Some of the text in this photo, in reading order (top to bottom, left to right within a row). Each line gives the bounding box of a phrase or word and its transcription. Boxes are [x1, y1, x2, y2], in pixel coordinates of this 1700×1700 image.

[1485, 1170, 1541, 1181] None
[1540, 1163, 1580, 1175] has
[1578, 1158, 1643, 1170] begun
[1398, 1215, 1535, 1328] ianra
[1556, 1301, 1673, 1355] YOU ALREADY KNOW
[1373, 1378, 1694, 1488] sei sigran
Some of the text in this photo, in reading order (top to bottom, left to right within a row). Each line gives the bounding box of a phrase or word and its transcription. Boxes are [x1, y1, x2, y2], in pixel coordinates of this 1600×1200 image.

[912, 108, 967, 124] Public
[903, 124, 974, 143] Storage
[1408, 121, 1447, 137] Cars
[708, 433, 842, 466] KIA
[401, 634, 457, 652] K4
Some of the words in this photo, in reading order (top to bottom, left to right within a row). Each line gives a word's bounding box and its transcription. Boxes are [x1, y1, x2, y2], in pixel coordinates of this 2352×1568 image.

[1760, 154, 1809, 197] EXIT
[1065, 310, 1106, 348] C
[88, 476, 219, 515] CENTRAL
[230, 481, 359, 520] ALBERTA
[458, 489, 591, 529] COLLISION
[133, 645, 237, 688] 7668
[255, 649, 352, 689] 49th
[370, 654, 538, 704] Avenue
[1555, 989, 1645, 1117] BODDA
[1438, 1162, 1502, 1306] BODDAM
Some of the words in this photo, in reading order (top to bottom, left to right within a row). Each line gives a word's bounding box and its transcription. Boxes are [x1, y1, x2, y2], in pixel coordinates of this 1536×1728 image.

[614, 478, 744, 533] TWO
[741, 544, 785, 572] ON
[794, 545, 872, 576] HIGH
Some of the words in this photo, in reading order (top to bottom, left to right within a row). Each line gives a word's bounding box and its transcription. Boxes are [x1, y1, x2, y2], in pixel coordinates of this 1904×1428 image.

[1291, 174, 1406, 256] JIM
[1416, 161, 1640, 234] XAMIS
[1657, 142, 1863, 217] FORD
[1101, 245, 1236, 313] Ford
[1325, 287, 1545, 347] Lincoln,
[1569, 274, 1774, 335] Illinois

..........

THE TASK:
Give every entry back exactly as it was written above.

ANSWER FOR THIS EXERCISE:
Some of the text in this photo, in reading order (top to bottom, left to right within a row). Each line gives the bounding box of a phrase or word and its transcription. Boxes are [x1, y1, x2, y2], in pixel coordinates of this 1700×1700 image.

[1485, 1170, 1541, 1181] None
[1540, 1163, 1580, 1175] has
[1578, 1158, 1643, 1170] begun
[1398, 1215, 1535, 1328] ianra
[1556, 1301, 1673, 1355] YOU ALREADY KNOW
[1373, 1378, 1694, 1488] sei sigran
Some of the text in this photo, in reading order (top to bottom, left to right within a row). Each line gives the bounding box of a phrase or word and its transcription. Boxes are [x1, y1, x2, y2], in pixel coordinates of this 1600×1200 image.

[912, 108, 967, 124] Public
[903, 124, 974, 143] Storage
[1408, 121, 1447, 137] Cars
[708, 433, 842, 466] KIA
[401, 634, 457, 652] K4
Some of the words in this photo, in reading order (top to bottom, left to right within a row). Each line gives a word's bounding box and its transcription. Boxes are [x1, y1, x2, y2], in pixel coordinates of this 2352×1568 image.

[1760, 154, 1809, 197] EXIT
[1065, 310, 1106, 348] C
[88, 476, 219, 515] CENTRAL
[230, 481, 359, 520] ALBERTA
[458, 489, 591, 529] COLLISION
[133, 645, 237, 688] 7668
[255, 649, 352, 689] 49th
[370, 654, 538, 704] Avenue
[1555, 989, 1645, 1117] BODDA
[1438, 1162, 1502, 1306] BODDAM
Some of the words in this photo, in reading order (top to bottom, left to right within a row). Each line gives a word's bounding box and its transcription. Boxes are [x1, y1, x2, y2], in pixel coordinates of this 1536×1728 image.

[614, 478, 744, 533] TWO
[741, 544, 785, 572] ON
[794, 545, 872, 576] HIGH
Some of the words in this photo, in reading order (top to bottom, left to right within a row). Each line gives a word's bounding box and its transcription. Boxes are [x1, y1, x2, y2], in pixel coordinates of this 1904×1428 image.

[1291, 174, 1406, 256] JIM
[1416, 161, 1640, 234] XAMIS
[1657, 142, 1863, 217] FORD
[1101, 245, 1236, 313] Ford
[1325, 287, 1545, 347] Lincoln,
[1569, 274, 1774, 335] Illinois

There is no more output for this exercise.